San Antonio vuol proteggere la propria casa, siglando un 2-0 che la metterebbe in una posizione se non confortevole quantomeno di controllo rispetto agli avversari di South Beach; gli Heat, dal canto loro, non perdono due partite consecutive ai playoff dalle finali di conference del 2012 (quando i Celtics inflissero ben tre sconfitte filate a LeBron e compagni) e vogliono continuare il trend per mandare un messaggio forte e chiaro ai dirimpettai texani.

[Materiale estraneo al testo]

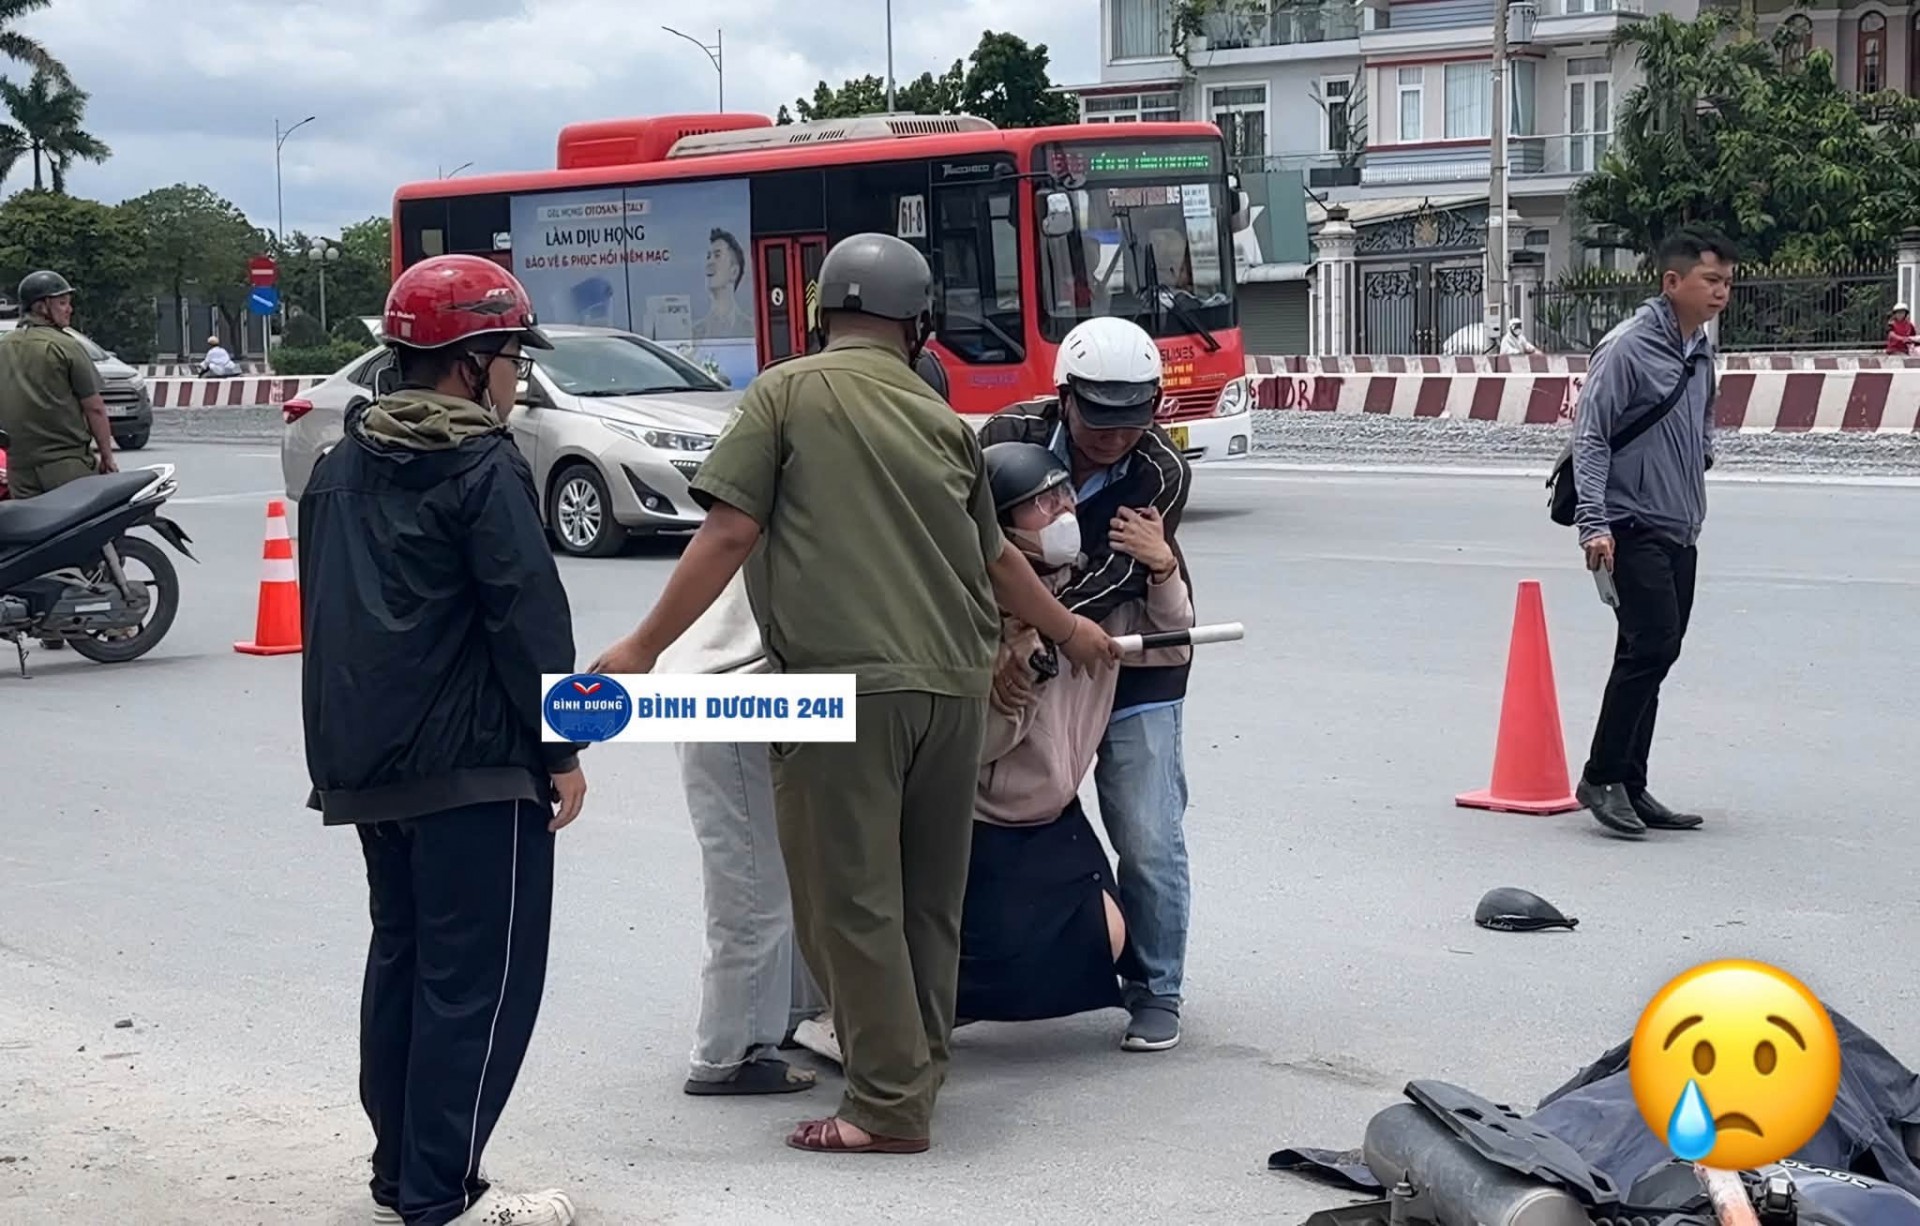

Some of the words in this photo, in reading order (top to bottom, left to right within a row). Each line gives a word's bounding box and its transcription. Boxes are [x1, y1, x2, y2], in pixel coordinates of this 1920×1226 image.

[901, 200, 923, 234] 61-8
[545, 226, 574, 246] LÀM
[576, 229, 600, 247] DỊU
[603, 225, 645, 246] HỌNG
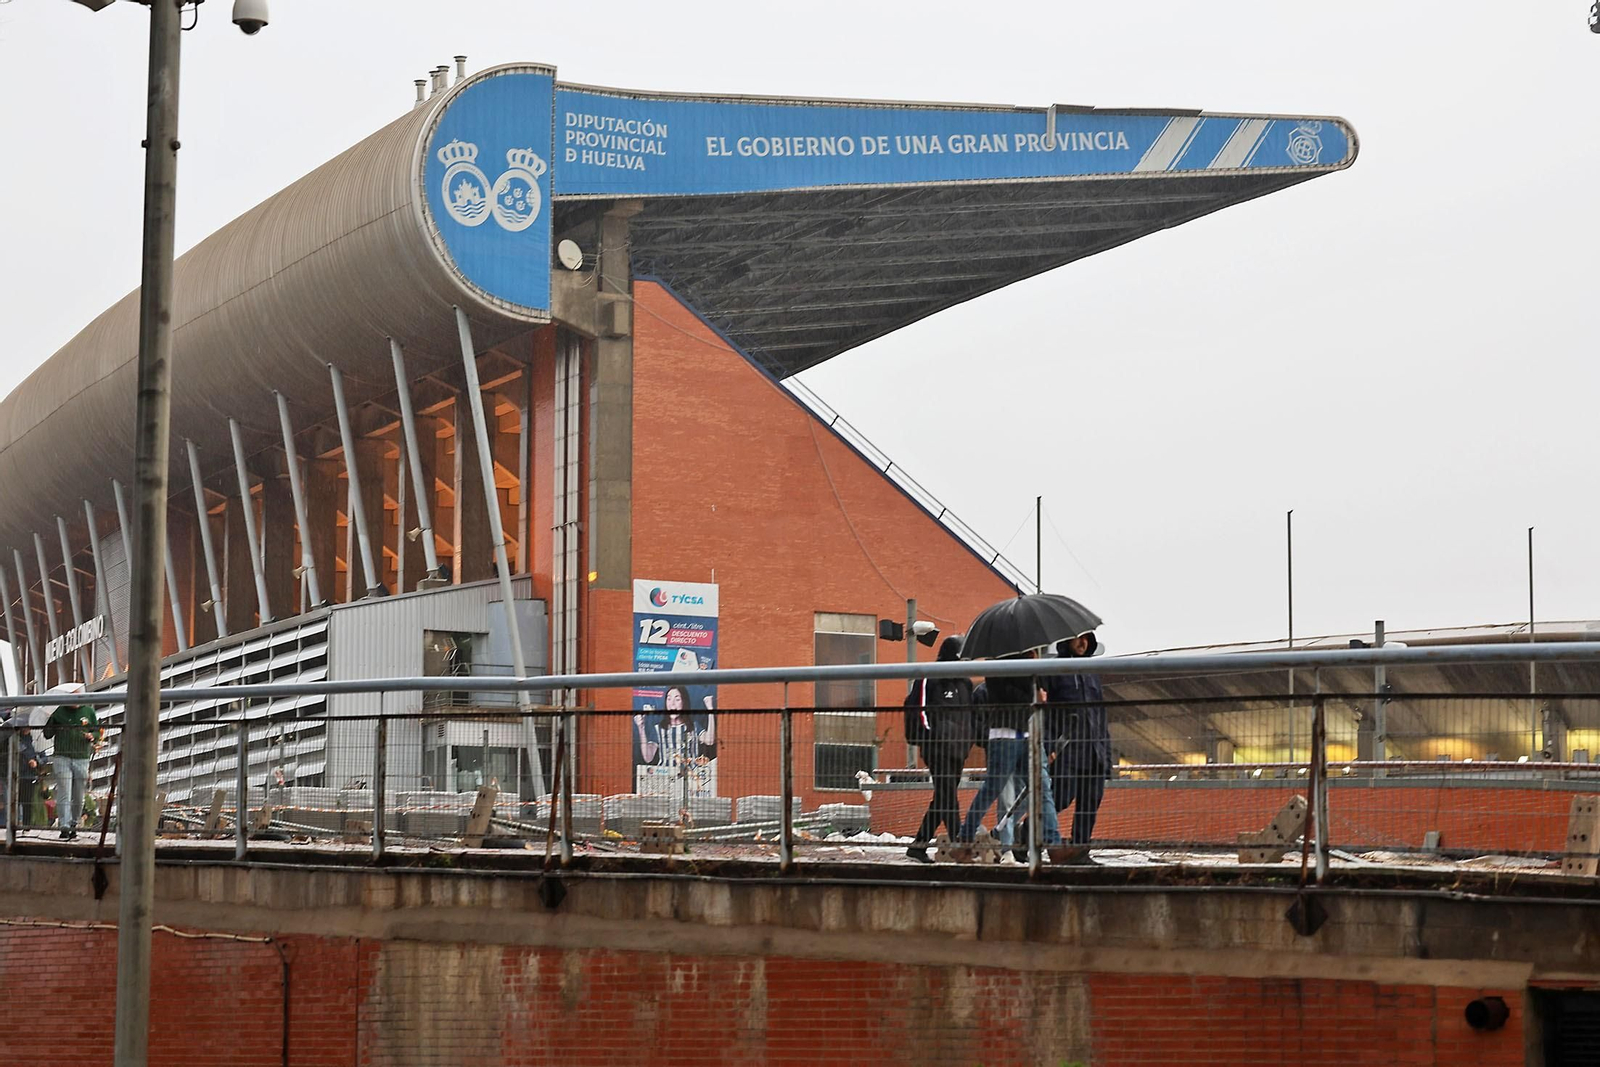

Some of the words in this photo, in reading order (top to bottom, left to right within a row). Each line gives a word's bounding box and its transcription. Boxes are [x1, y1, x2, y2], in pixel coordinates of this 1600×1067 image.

[565, 112, 668, 139] DIPUTACIÓN
[565, 130, 667, 156] PROVINCIAL
[705, 136, 733, 157] EL
[736, 136, 855, 157] GOBIERNO
[860, 135, 891, 155] DE
[895, 134, 944, 154] UNA
[947, 133, 1008, 154] GRAN
[1014, 131, 1130, 153] PROVINCIA
[581, 149, 646, 171] HUELVA
[671, 594, 704, 605] TYCSA
[639, 618, 670, 645] 12
[671, 630, 708, 638] DESCUENTO

È tutto pronto, l’aria condizionata soffia più forte di Lance Stephenson, LeBron James è ben idratato (e, memore della lezione appresa in gara 1, per l’occasione privo di corazza antiproiettile e equipaggiato con soli calzoncini) e pronto a rispondere alle critiche ricevute dopo i crampi di gara 1: gli arbitri alzano la palla a due e il secondo capitolo delle Finals 2014 può avere inizio.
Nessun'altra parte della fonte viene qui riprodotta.